Than out[0] is implemented as a multiplexer for all bits from in[31:0]. The next bit out[1] is multiplexed from a one bit shorter vector in[31:1] and so on, so some kind of triangular structure is created. To me it appears like synthesis tools does not infer a dedicated structure for a barrel shifter, like there is an adder with carry propagation. Instead each output is calculated directly from inputs without reusing intermediate results.

This consumed a lot of LUTs and also affected timing (I am not sure whether it was due to congestion, or the ALU adder path was not given priority in the final multiplexing).

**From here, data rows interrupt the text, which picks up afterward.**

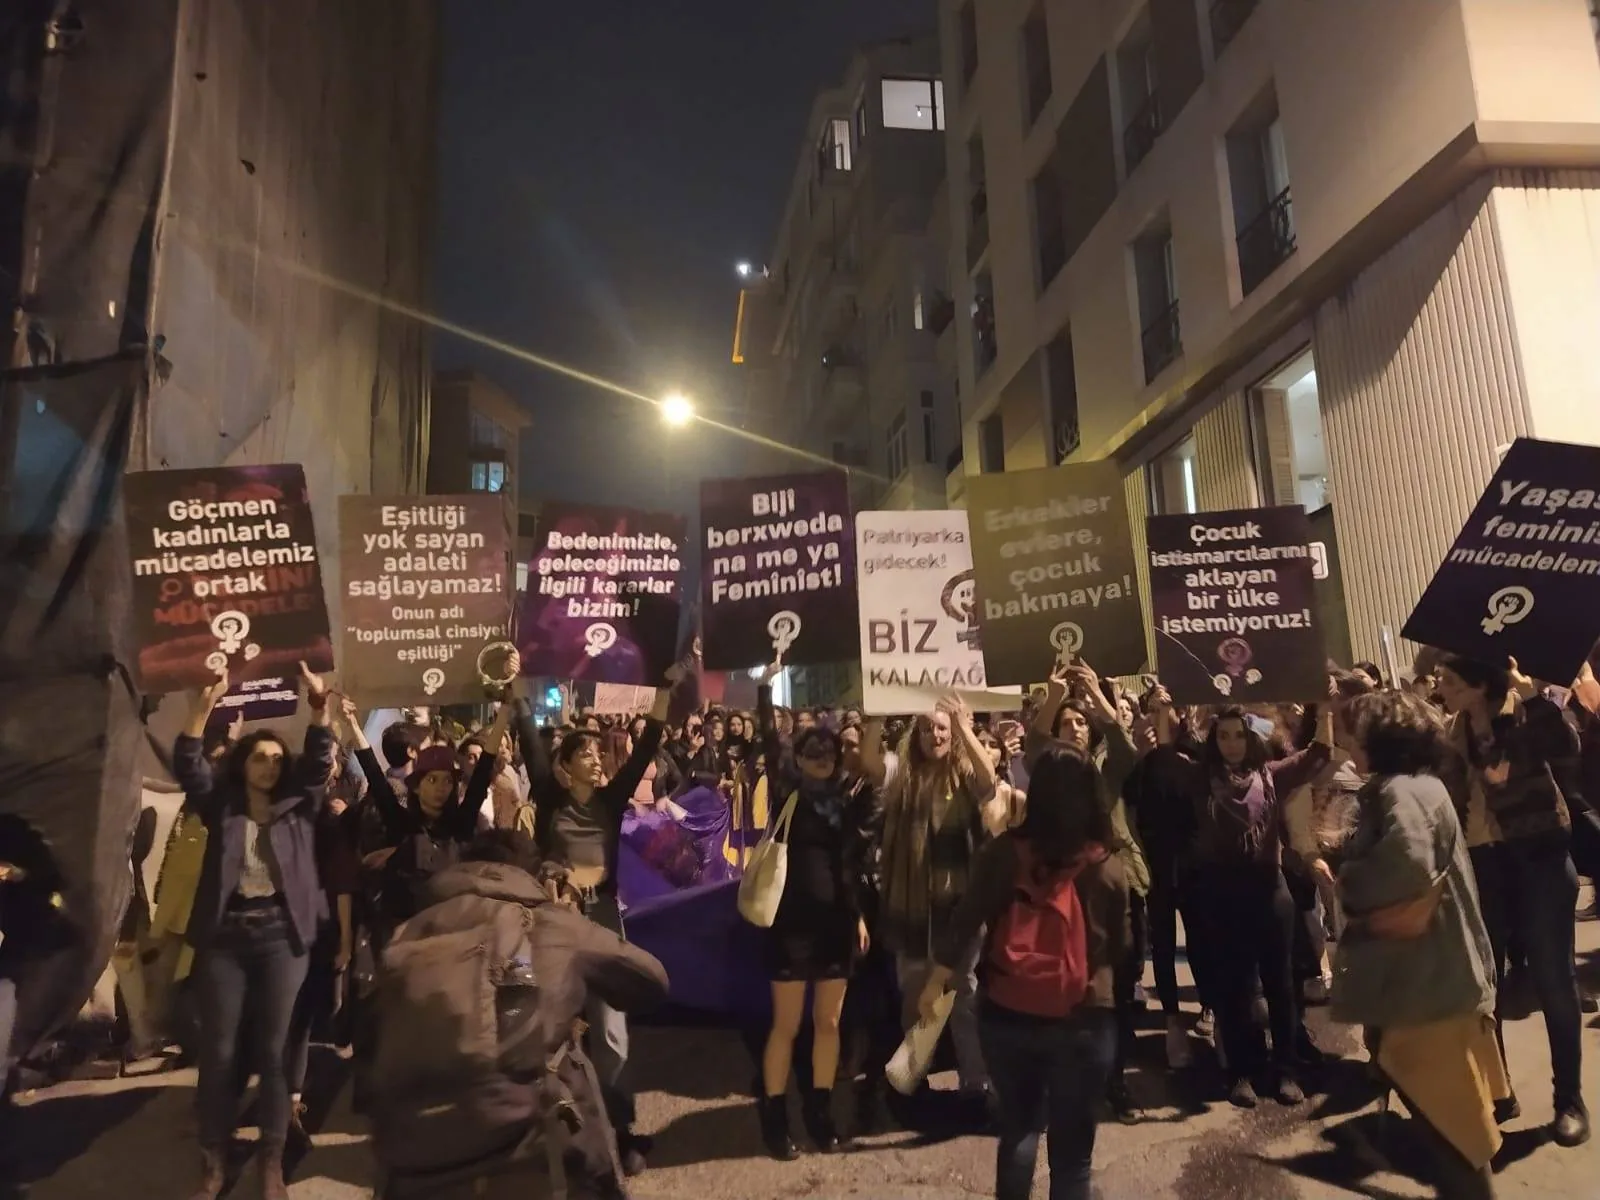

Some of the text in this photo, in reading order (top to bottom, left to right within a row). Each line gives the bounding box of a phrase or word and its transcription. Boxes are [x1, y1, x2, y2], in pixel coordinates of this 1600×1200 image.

[168, 499, 277, 523] Göçmen
[381, 505, 466, 531] Eşitliği
[153, 519, 290, 548] kadınlarla
[363, 529, 485, 553] yok sayan
[707, 511, 843, 549] berxweda
[863, 528, 965, 547] Patriyarka
[1190, 521, 1263, 546] Çocuk
[134, 542, 316, 576] mücadelemiz
[383, 551, 467, 572] adaleti
[538, 554, 681, 576] geleceğimizle
[713, 541, 840, 576] na me ya
[864, 553, 948, 574] gidecek!
[1151, 544, 1307, 567] istismarcılarını
[1008, 551, 1102, 592] çocuk
[1185, 568, 1277, 589] aklayan
[193, 571, 266, 597] ortak
[348, 573, 502, 600] sağlayamaz!
[539, 576, 675, 598] ilgili kararlar
[567, 598, 641, 618] bizim!
[984, 574, 1133, 621] bakmaya!
[1187, 588, 1280, 610] bir ülke
[391, 605, 464, 620] Onun adı
[1161, 608, 1312, 635] istemiyoruz!
[446, 623, 506, 641] cinsiyet
[868, 608, 940, 654] BİZ
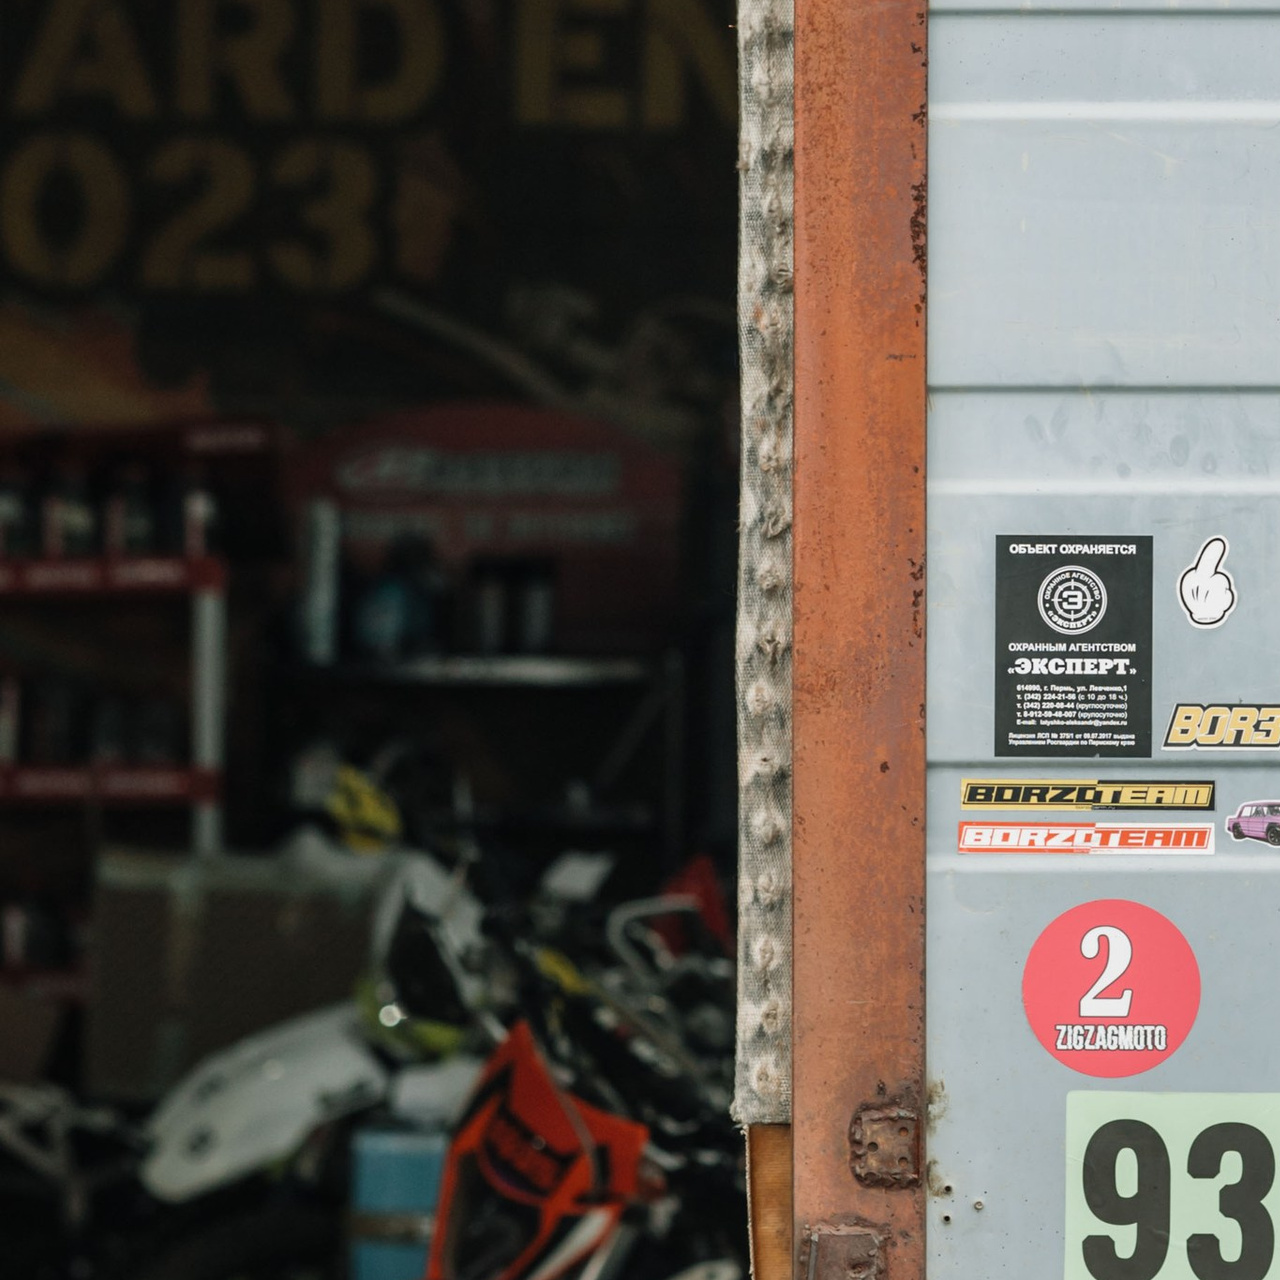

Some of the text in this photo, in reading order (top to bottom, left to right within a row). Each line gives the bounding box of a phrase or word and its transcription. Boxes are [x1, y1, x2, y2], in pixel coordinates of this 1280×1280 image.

[1009, 544, 1136, 555] ОБЪЕКТ ОХРАНЯЕТСЯ
[1044, 572, 1101, 600] ОХРАННОЕ АГЕНТСТВО
[1008, 643, 1136, 652] ОХРАННЫМ АГЕНТСТВОМ
[1007, 658, 1137, 675] «ЭКСПЕРТ»
[1077, 924, 1133, 1017] 2
[1054, 1023, 1168, 1051] ZIGZAGMOTO

My first change was to add a keep attribute to the barrel shifter output, before it was multiplexed with arithmetic and logic operations at the output of the ALU. This provided some area and timing improvements.

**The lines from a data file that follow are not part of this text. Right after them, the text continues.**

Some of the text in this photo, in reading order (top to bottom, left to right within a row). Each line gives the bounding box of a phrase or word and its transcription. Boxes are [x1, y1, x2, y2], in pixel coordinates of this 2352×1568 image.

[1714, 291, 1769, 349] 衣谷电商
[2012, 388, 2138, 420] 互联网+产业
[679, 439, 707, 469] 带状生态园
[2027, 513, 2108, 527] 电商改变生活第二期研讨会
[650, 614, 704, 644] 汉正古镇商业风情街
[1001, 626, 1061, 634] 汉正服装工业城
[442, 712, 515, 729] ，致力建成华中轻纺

Than I changed the synthesis configuration to optimize area instead of timing, this seems to avoid pushing combinational logic forward closer to registers, instead more of the code written serially is synthesized as is, more intermediate signals are kept. For a multistage CPU there are intermediate signals forced by registers, in my CPU I need a different mechanism.

In the next step I explicitly wrote the barrel shifter to only process one bit of amount[4:0] at a time, similar to how his is explained in the bit-manipulation extension documentation.

I found out that for Cyclone V gives best results when 1 bit of amount is used in each layer: https://github.com/jeras/rp32/blob/master/hdl/rtl/core/r5p_alu.sv#L291-L326 The same approach would probably be a good choice for LUT4 devices.

On Xilinx Arty with LUT6 a different approach taking 2 bit amount provides better results: https://github.com/jeras/rp32/blob/master/hdl/rtl/core/r5p_alu.sv#L291-L326 Well at least in some builds with extensive keep use this proved better than the above single amount bit structure, but in my latest builds the single amount bit version was better.

In the end I removed all keep attributes for Vivado, but kept one for Quartus. I will probably add a few back, but it is difficult (time consuming with a change/synthesize/check repeat loop) to figure out which placement would give the best results, some kind of AI tool would be needed here.

The point of this post would be:

  1. A layered barrel shifter gives better results than a trivial implementation!
  2. Adding keep attribute at strategic points might improve synthesis.
  3. I have to automate my build system to handle various parameter configurations.

jeras avatar Apr 10 '22 11:04 jeras

Hi ^^

Thanks for the issue :D

I noticed a lot of the combinational logic is pushed to the end of the stage by the synthesis tool.

Yes, i also noticed that VIvado was heavily modifying some combinatorial path compared to the way they where expressed in the HDL, sometime in some very dump ways. I had to add a few KEEP attributes in a few places to improve timings.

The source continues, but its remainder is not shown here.